**Records supplied:**
"""

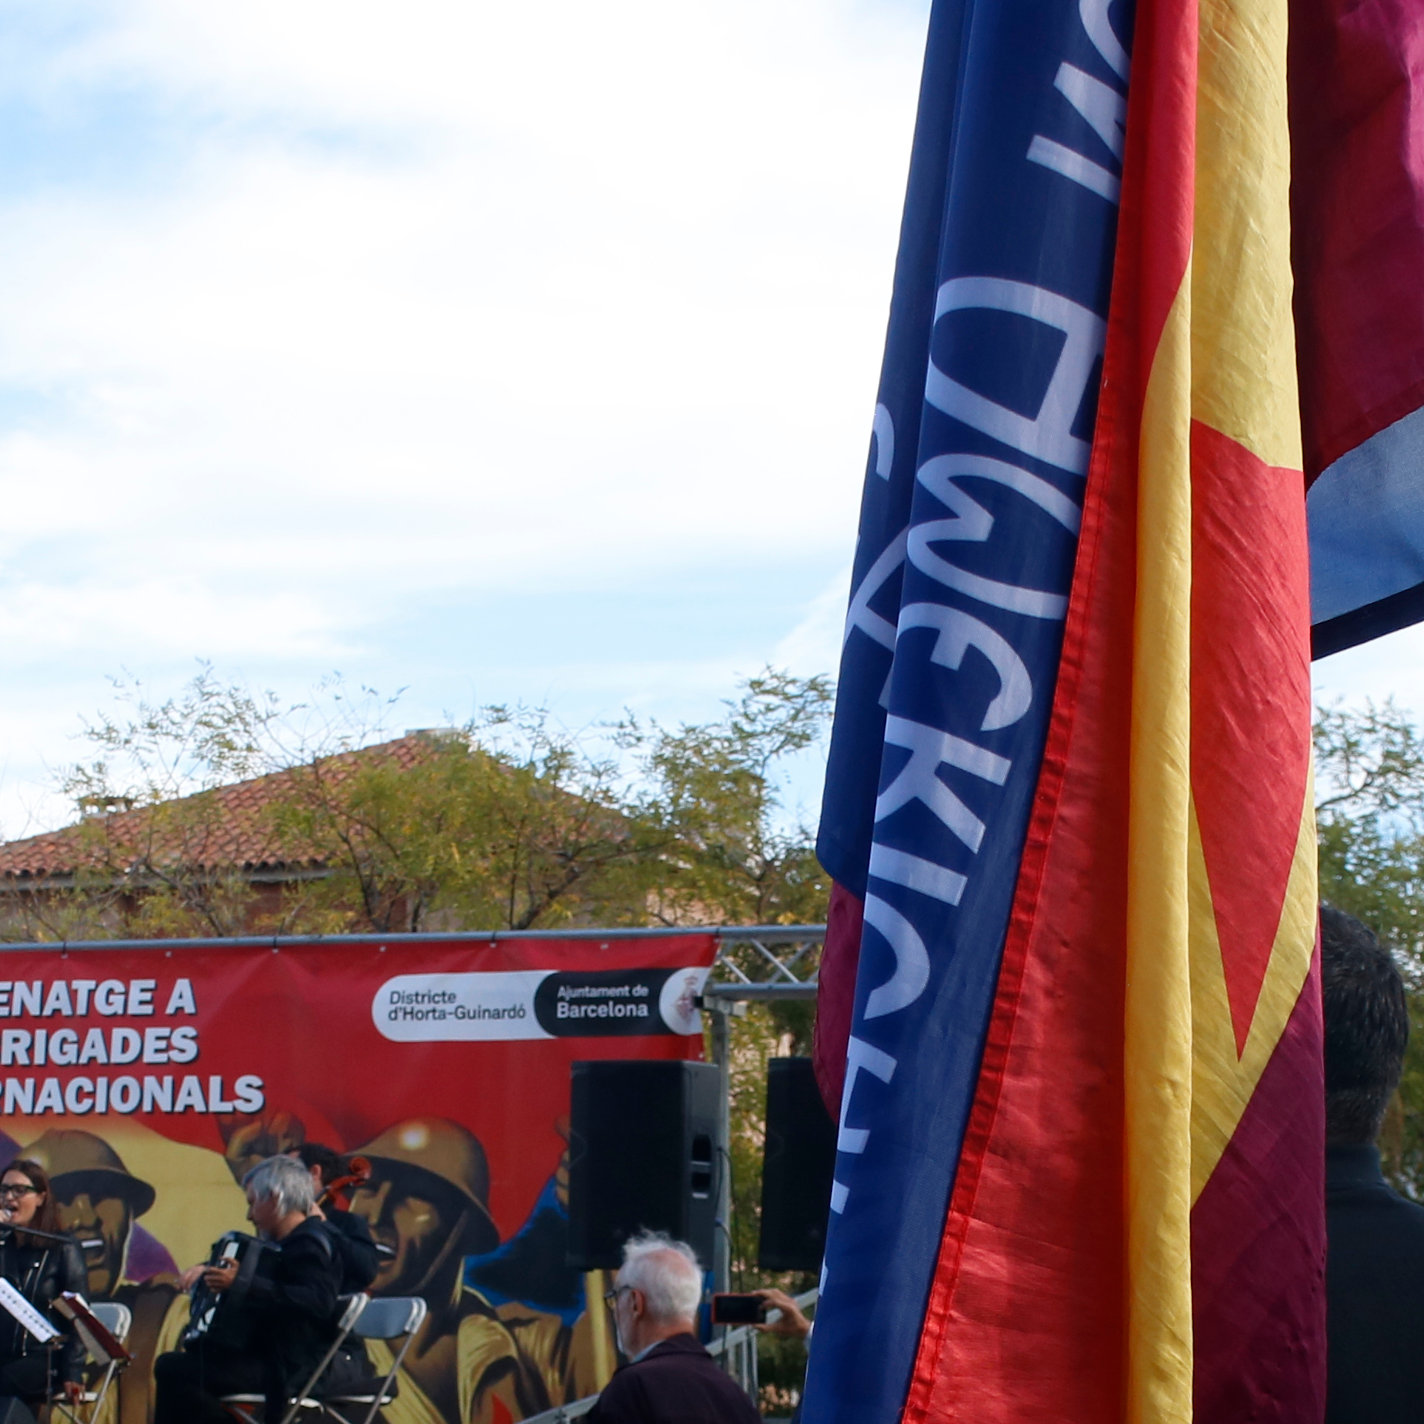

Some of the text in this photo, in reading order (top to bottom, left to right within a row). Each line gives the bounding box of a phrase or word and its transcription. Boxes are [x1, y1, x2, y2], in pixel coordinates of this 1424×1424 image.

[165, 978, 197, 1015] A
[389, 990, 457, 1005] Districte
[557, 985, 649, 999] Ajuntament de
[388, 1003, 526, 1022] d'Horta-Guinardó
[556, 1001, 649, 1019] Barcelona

"""

**What needs to be done:**
Make an exact copy of the records shown above, without the pictures.

**Task answer:**
Some of the text in this photo, in reading order (top to bottom, left to right within a row). Each line gives the bounding box of a phrase or word and its transcription. Boxes are [x1, y1, x2, y2], in pixel coordinates of this 1424×1424 image.

[165, 978, 197, 1015] A
[389, 990, 457, 1005] Districte
[557, 985, 649, 999] Ajuntament de
[388, 1003, 526, 1022] d'Horta-Guinardó
[556, 1001, 649, 1019] Barcelona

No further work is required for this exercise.